→ **Brief**:
Return each line of the data below exactly, omitting any pictures.

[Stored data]
· · · · · · ·

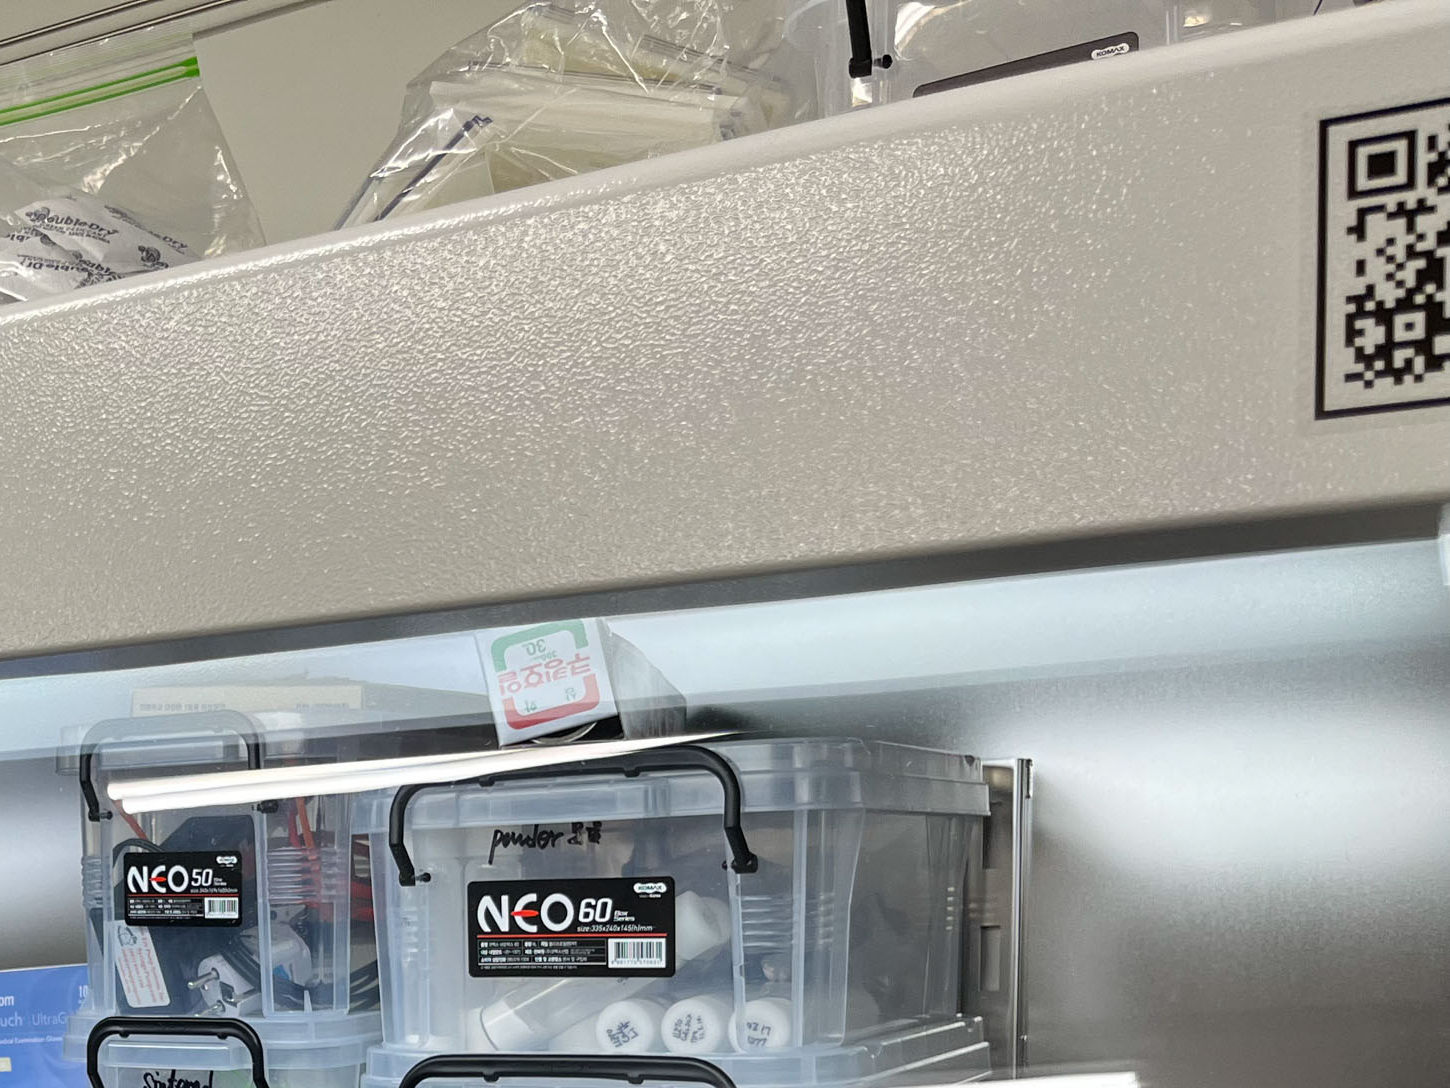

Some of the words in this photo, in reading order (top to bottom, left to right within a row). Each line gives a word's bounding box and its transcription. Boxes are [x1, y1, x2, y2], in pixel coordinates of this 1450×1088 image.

[497, 653, 591, 697] 쿠킹호일
[127, 865, 189, 894] NEO
[191, 868, 213, 887] 50
[477, 893, 574, 933] NEO
[578, 898, 613, 923] 60
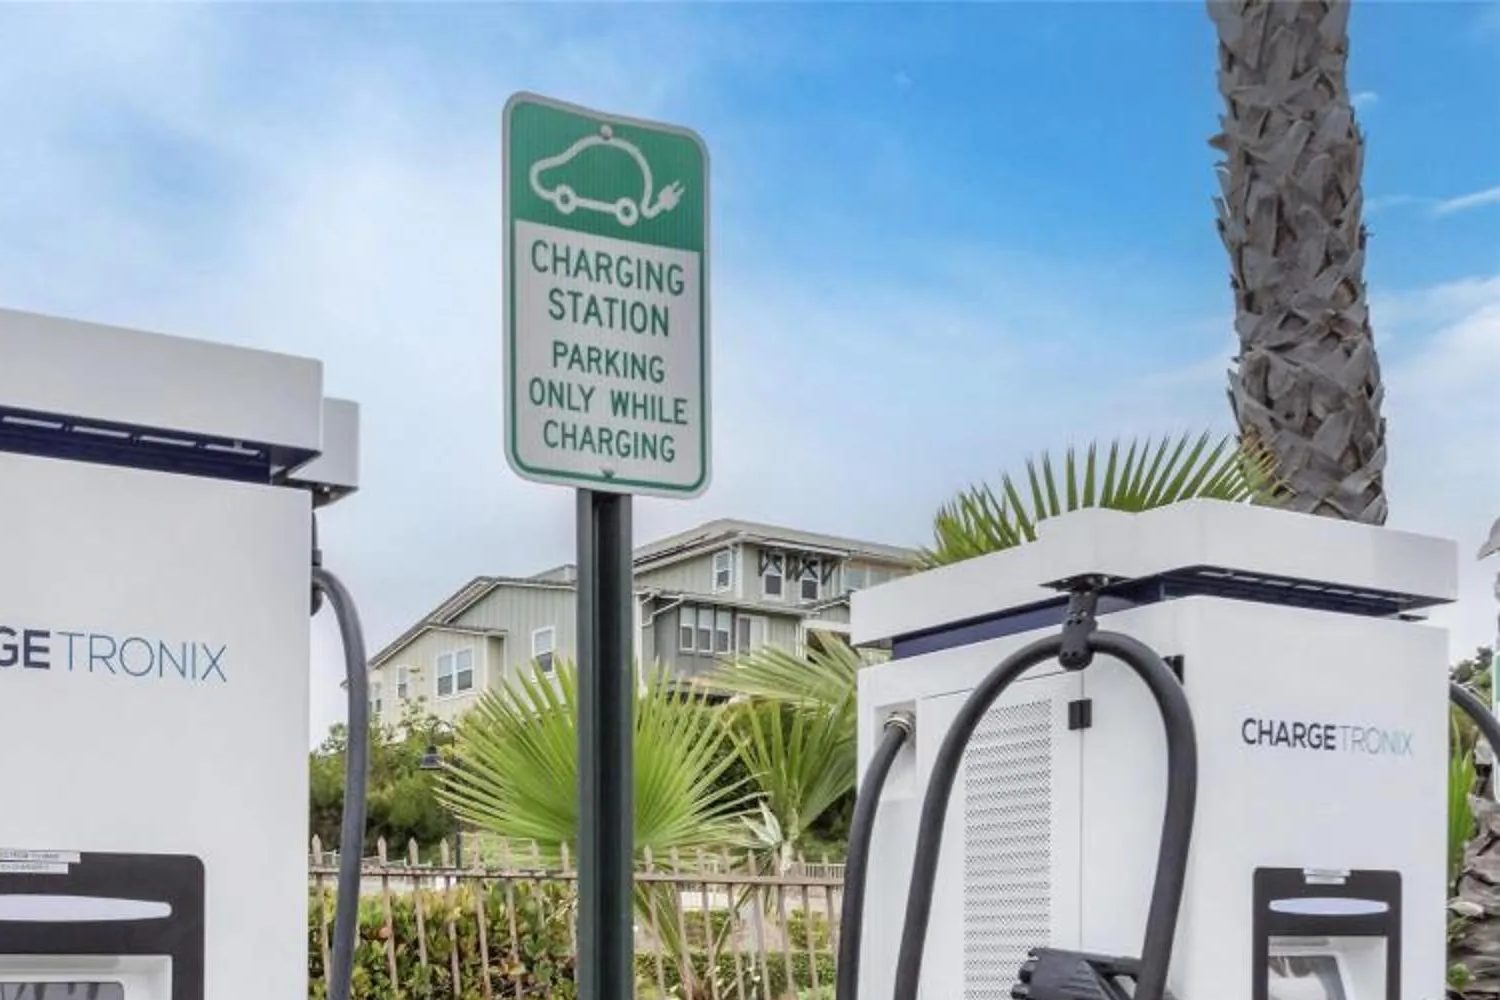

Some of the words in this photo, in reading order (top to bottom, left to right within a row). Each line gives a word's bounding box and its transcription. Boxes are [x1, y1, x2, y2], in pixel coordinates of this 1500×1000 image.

[531, 240, 685, 296] CHARGING
[548, 288, 669, 337] STATION
[552, 341, 665, 384] PARKING
[529, 377, 595, 413] ONLY
[610, 390, 688, 425] WHILE
[543, 420, 675, 463] CHARGING
[1241, 717, 1414, 756] CHARGETRONIX
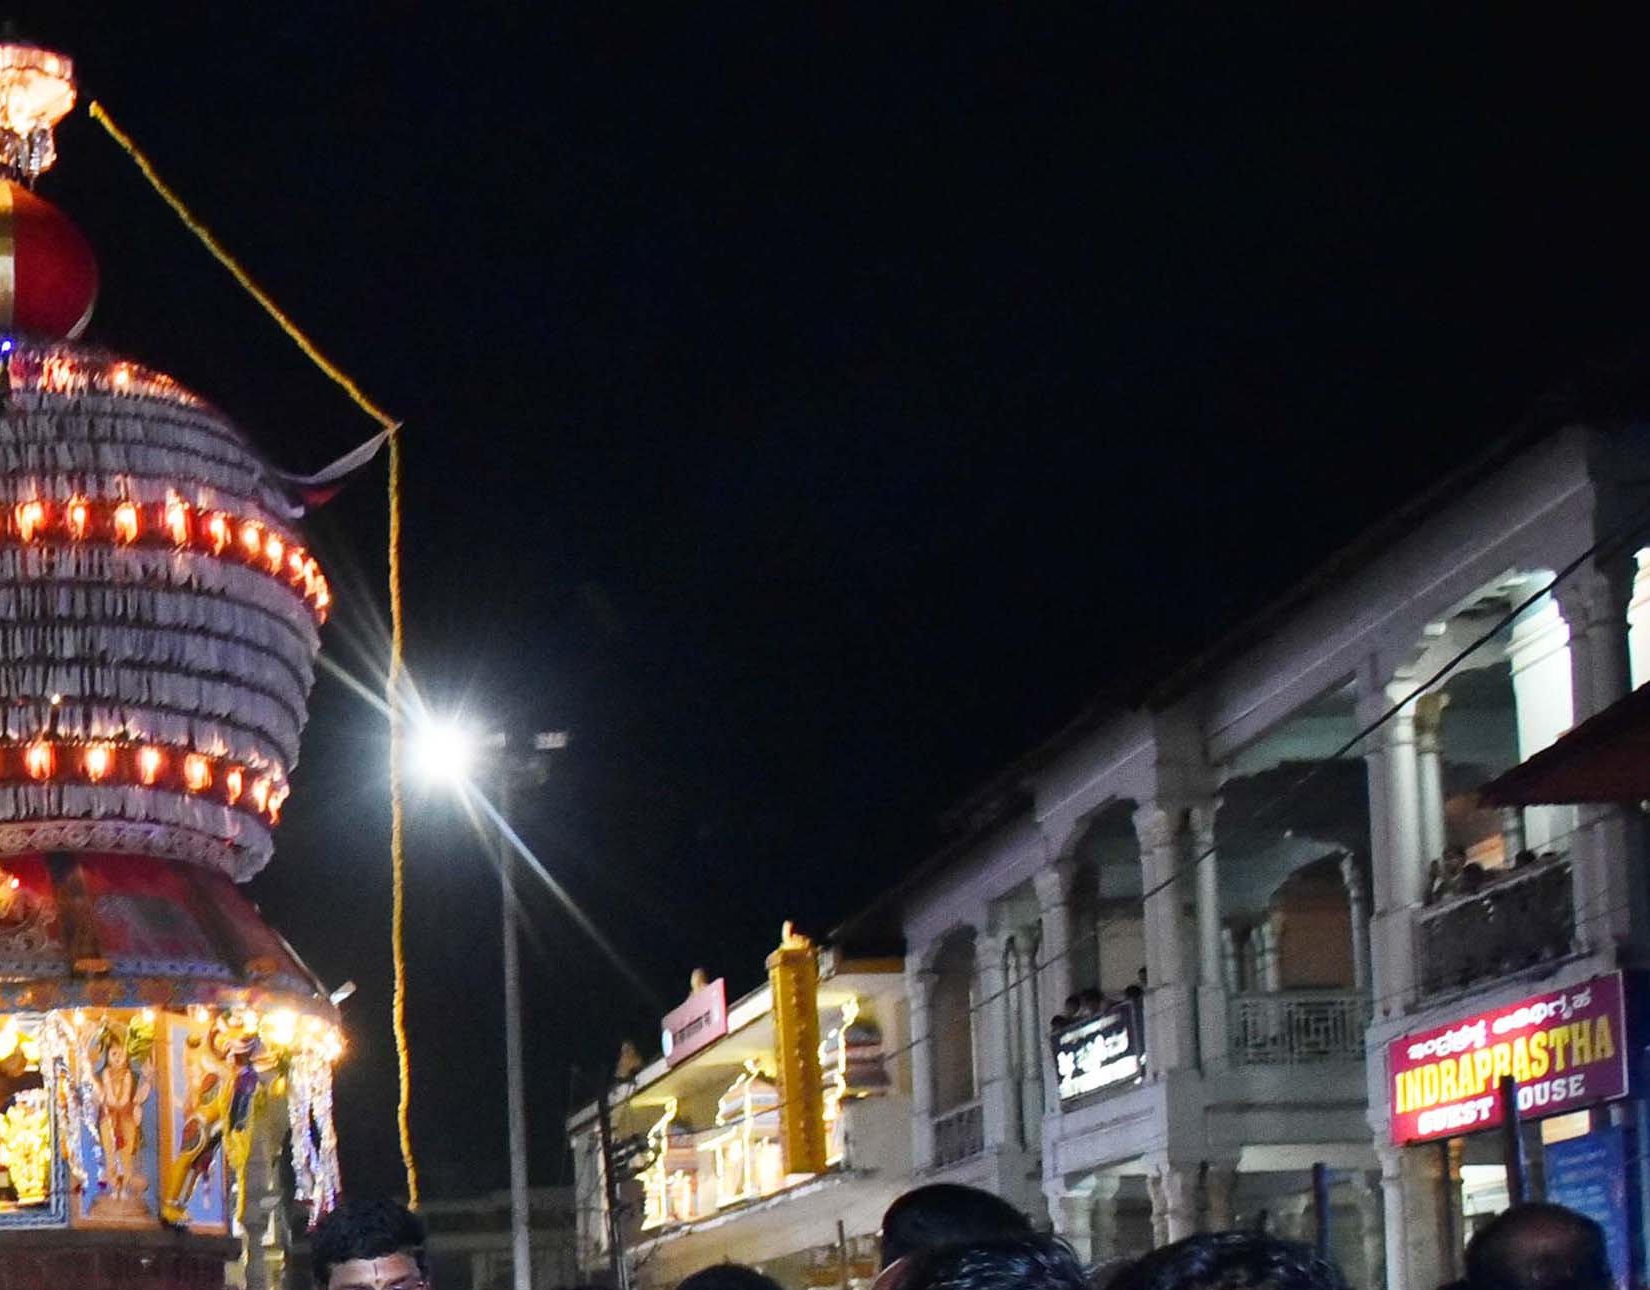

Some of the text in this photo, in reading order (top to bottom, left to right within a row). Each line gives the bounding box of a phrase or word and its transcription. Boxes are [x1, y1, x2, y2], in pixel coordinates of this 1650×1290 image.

[1395, 1014, 1615, 1114] INDRAPRASTHA
[1417, 1074, 1586, 1135] GUEST OUSE
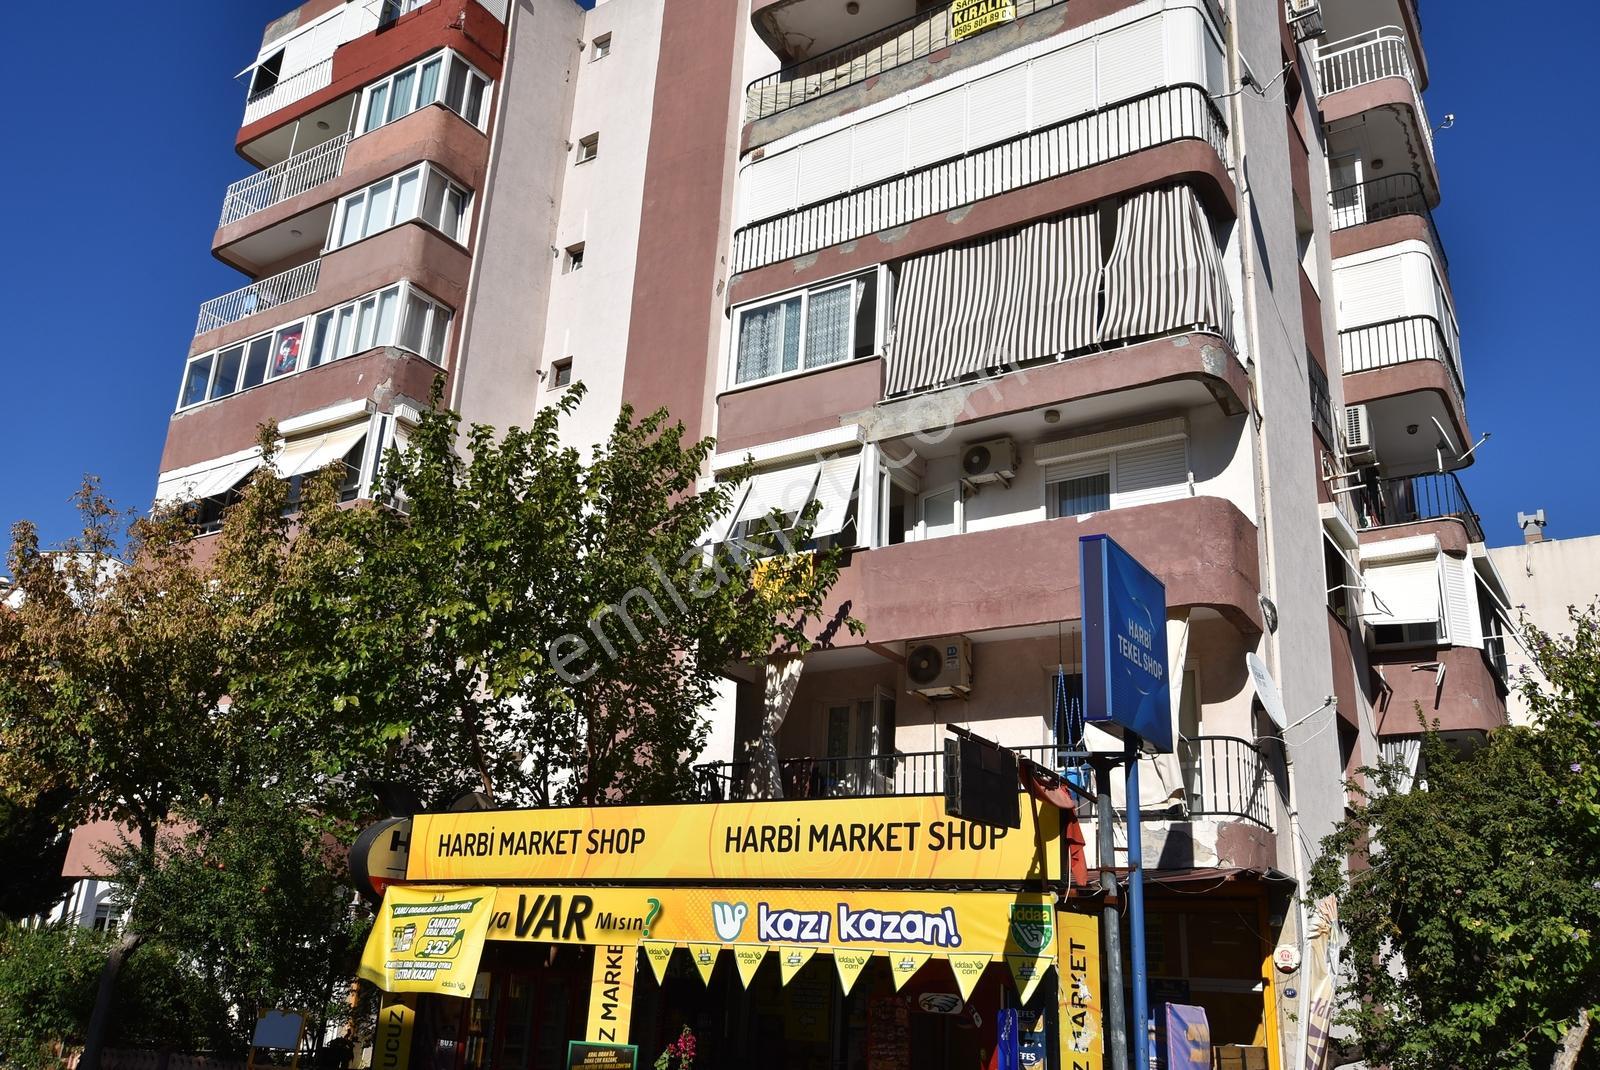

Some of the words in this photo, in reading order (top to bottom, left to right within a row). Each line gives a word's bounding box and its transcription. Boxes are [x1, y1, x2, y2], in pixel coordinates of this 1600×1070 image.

· · · · · · ·

→ **Exercise solution**:
Some of the words in this photo, in reading order (top to bottom, left to right within a row). Each line gives a word's bounding box and its transcription. Boxes are [x1, y1, x2, y2], in pixel coordinates of this 1450×1088 image.

[497, 653, 591, 697] 쿠킹호일
[127, 865, 189, 894] NEO
[191, 868, 213, 887] 50
[477, 893, 574, 933] NEO
[578, 898, 613, 923] 60

Some of the words in this photo, in reading order (top to bottom, left to right within a row). Each line gives a word's bounding box and its transcription. Boxes are [x1, y1, x2, y2], in pixel coordinates of this 1500×1000 image.

[531, 240, 685, 296] CHARGING
[548, 288, 669, 337] STATION
[552, 341, 665, 384] PARKING
[529, 377, 595, 413] ONLY
[610, 390, 688, 425] WHILE
[543, 420, 675, 463] CHARGING
[1241, 717, 1414, 756] CHARGETRONIX

Some of the text in this photo, in reading order (top to bottom, left to right within a row). Each line gives the bounding box of a phrase or word and its transcription. Boxes are [x1, y1, x2, y2], in pixel coordinates of this 1650×1290 image.

[1395, 1014, 1615, 1114] INDRAPRASTHA
[1417, 1074, 1586, 1135] GUEST OUSE

Some of the words in this photo, in reading order (top to bottom, left to right within a row). Each line gives a word's bounding box and its transcription. Boxes are [x1, y1, x2, y2], in pixel coordinates of this 1600×1070 image.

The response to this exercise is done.